::: DATA UNDER STUDY

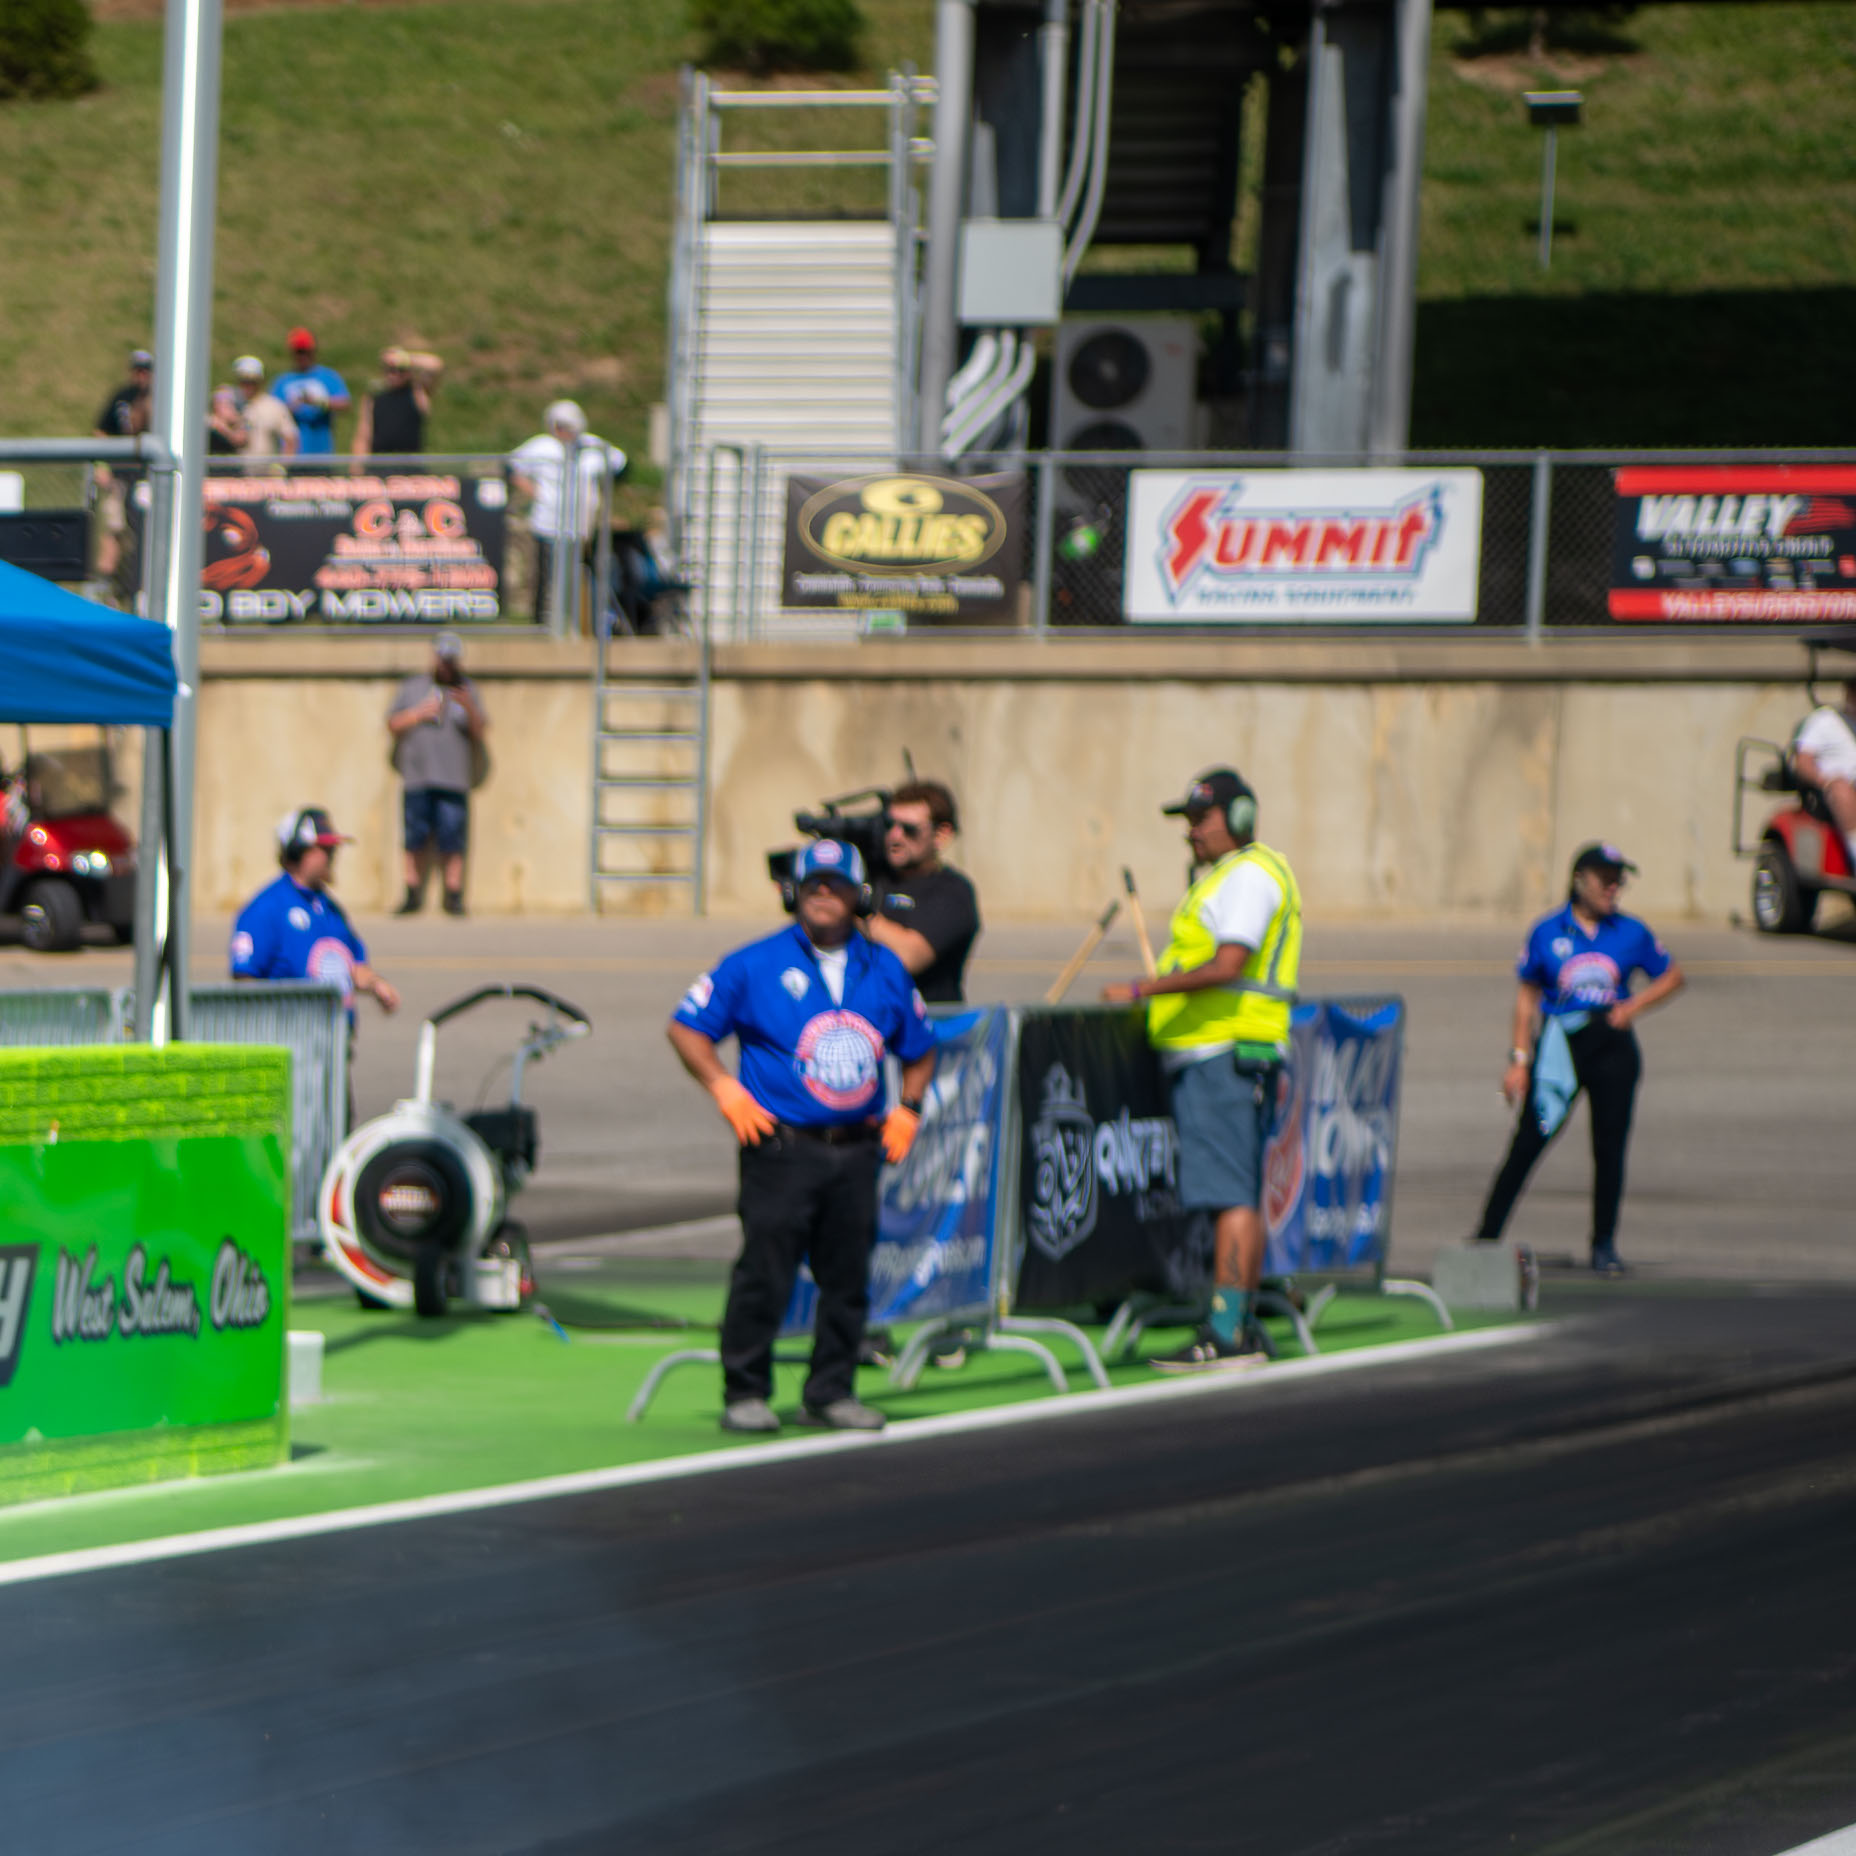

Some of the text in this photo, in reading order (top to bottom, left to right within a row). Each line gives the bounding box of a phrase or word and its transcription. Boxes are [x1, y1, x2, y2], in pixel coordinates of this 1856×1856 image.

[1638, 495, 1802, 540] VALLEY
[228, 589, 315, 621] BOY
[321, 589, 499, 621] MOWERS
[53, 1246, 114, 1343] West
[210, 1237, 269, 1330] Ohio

::::::

AIM OF THE TASK: Output the data above in full and exactly, with every image left out.

SOLUTION BELOW:
Some of the text in this photo, in reading order (top to bottom, left to right within a row). Each line gives the bounding box of a phrase or word and its transcription. Boxes are [x1, y1, x2, y2], in pixel coordinates of this 1856×1856 image.

[1638, 495, 1802, 540] VALLEY
[228, 589, 315, 621] BOY
[321, 589, 499, 621] MOWERS
[53, 1246, 114, 1343] West
[210, 1237, 269, 1330] Ohio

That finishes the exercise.